Miranda: I think that the willingness to learn and also share their learnings was a really positive outcome for policy dialogue and it would be great to see that continue. We’ve seen a lot of progress in this space in a short amount of time and so I think, again, that continuous quality improvement at a policy level as well is a really important opportunity as the research and as the practice learnings expand as well, so I think expanding that within the healthcare service setting, but also thinking about how they can apply those opportunities in other settings would be a great outcome.
Gretchen: Anna, your final thoughts, what do we need policy makers to do?
Anna: I think there’s a long list of things that we need everybody involved in this sector to do. Just to stay on the hospitals for a moment, I feel like it’s a legacy I want to see in my lifetime that every hospital in Australia is serving predominantly healthy food, and so from my perspective what I would like to see policy makers commit to is that vision and that goal, and to have the confidence that we actually have the capability and the tools to see that vision enacted, and then I think we might actually go a long way.
Gretchen: Fantastic, so that’s just at the top of your long list, and the policy makers can come and see Anna for the rest of it. Okay, Professor Anna Peeters and Dr Miranda Blake, both from CRE RE-FRESH. Thank you so much for your time today.
Miranda: Thank you.
Anna: Thanks very much.
Gretchen: You have been listing to Prevention Works, the podcast of The Australian Prevention Partnership Centre. I’m Gretchen Miller. Do go to our website for more information and plenty more engaging conversations, and I’ll see you next time.

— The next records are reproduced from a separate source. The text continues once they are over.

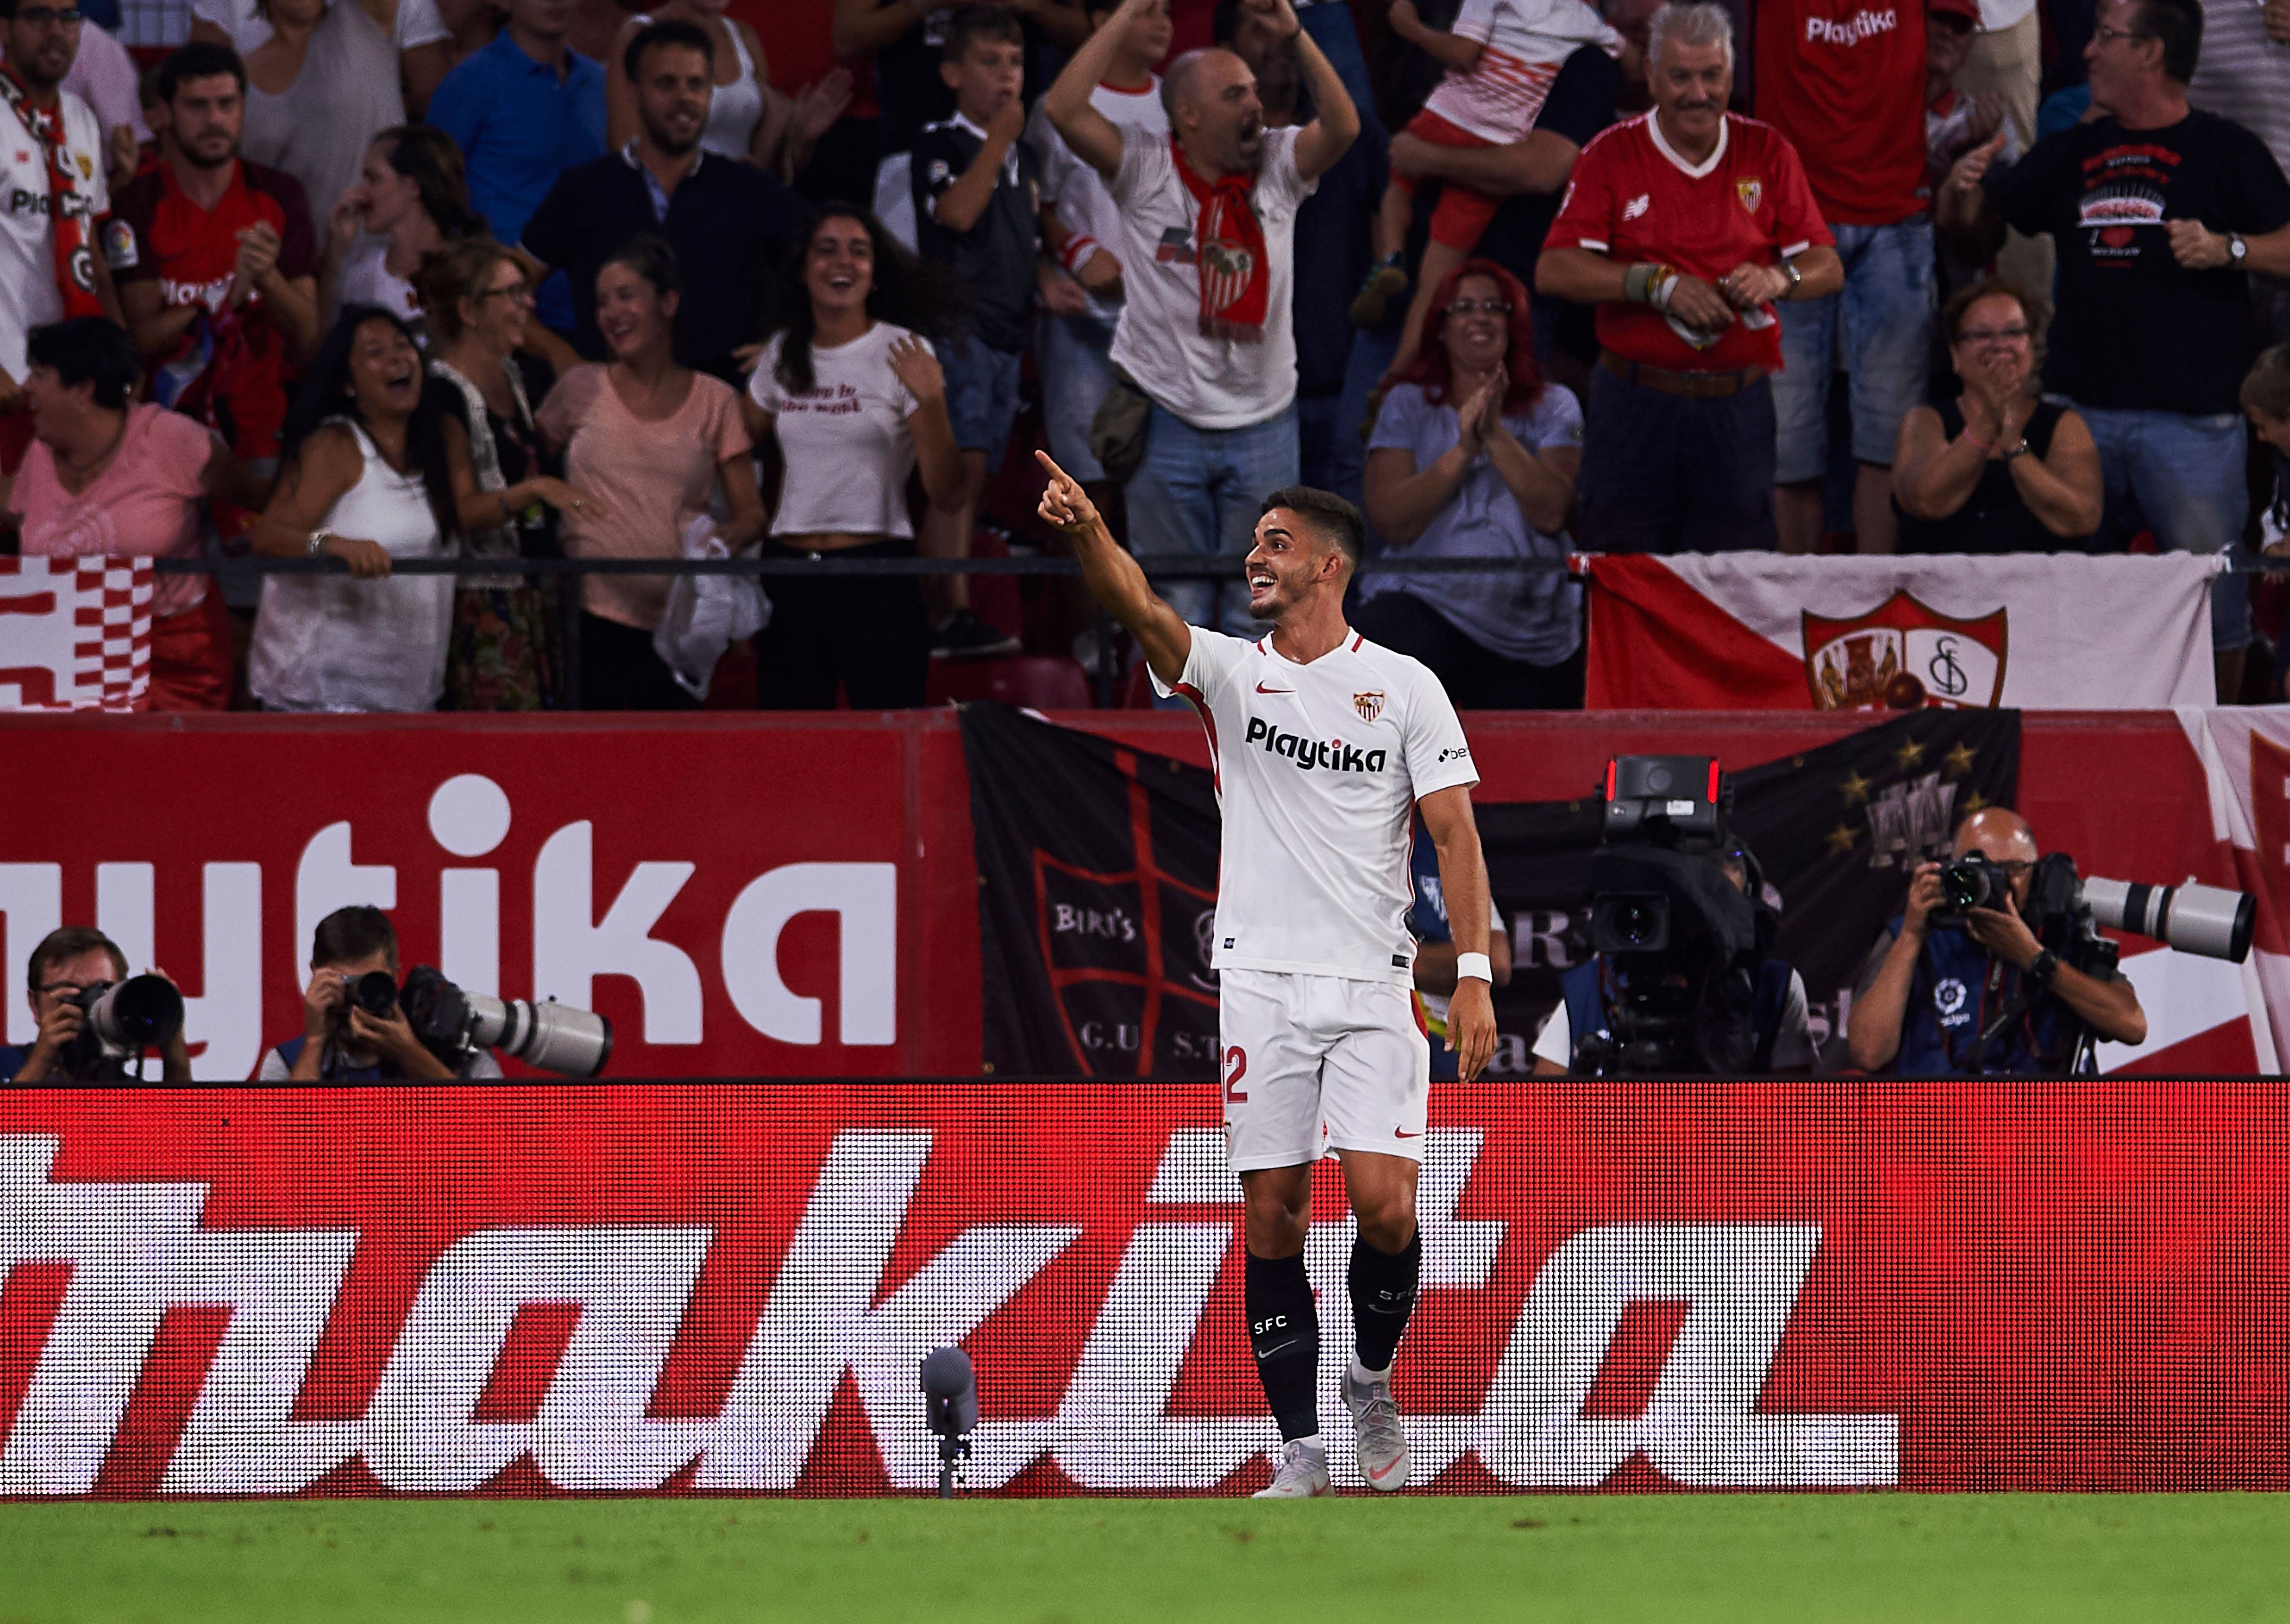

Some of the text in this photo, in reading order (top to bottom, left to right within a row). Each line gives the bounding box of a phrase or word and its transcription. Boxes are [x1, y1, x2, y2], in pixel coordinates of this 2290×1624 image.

[1807, 9, 1896, 46] Playtika
[1246, 716, 1386, 772] Playtika
[1449, 748, 1470, 759] be
[1220, 1046, 1248, 1103] 2
[0, 1129, 1899, 1495] makita
[1254, 1315, 1287, 1334] SFC

[End of recording – 45:50]
Together, Professor Anna Peeters and Dr Miranda Blake, and colleagues, have produced large quantities of evidence that show it is possible to change the way food is sold to make it more healthy, and without disadvantage to the retailers – in fact, it can benefit them.
In research conducted through Alfred Health, Professor Peeters and Dr Blake, modelled a change that saw the promotion of healthy drinks over sugary drinks in hospital onsite cafes and food services, and this has led the way for other mandated, but not legislated changes in health-services retail.
Alfred Deakin Professor Anna Peeters is Director of Deakin University’s Institute for Health Transformation; and also Director of the Centre of Research Excellence in Food Retail Environments for Health, known as REFRESH, a collaboration of eight universities and organisations, and a member of the Collaboration for Enhanced Research Impact (CERI).
Dr Miranda Blake is a dietician and Alfred Deakin Postdoctoral Research Fellow within the Global Centre for Preventive Health and Nutrition (GLOBE), a World Health Organization Collaborating Centre for Obesity Prevention. Miranda leads a program of research within RE-FRESH – bringing together health services policy makers together to improve food in health facilities – and has just won the Dietitians Australia Young Achievers Award.
REFRESH is a member of the Collaboration for Enhanced Research Impact (CERI). Established in June 2020, CERI is a joint initiative between the Prevention Centre and associated NHMRC Centres of Research Excellence. We are working together to find alignment in the policy and practice implications of our work and to develop shared communications across our various projects and participating centres.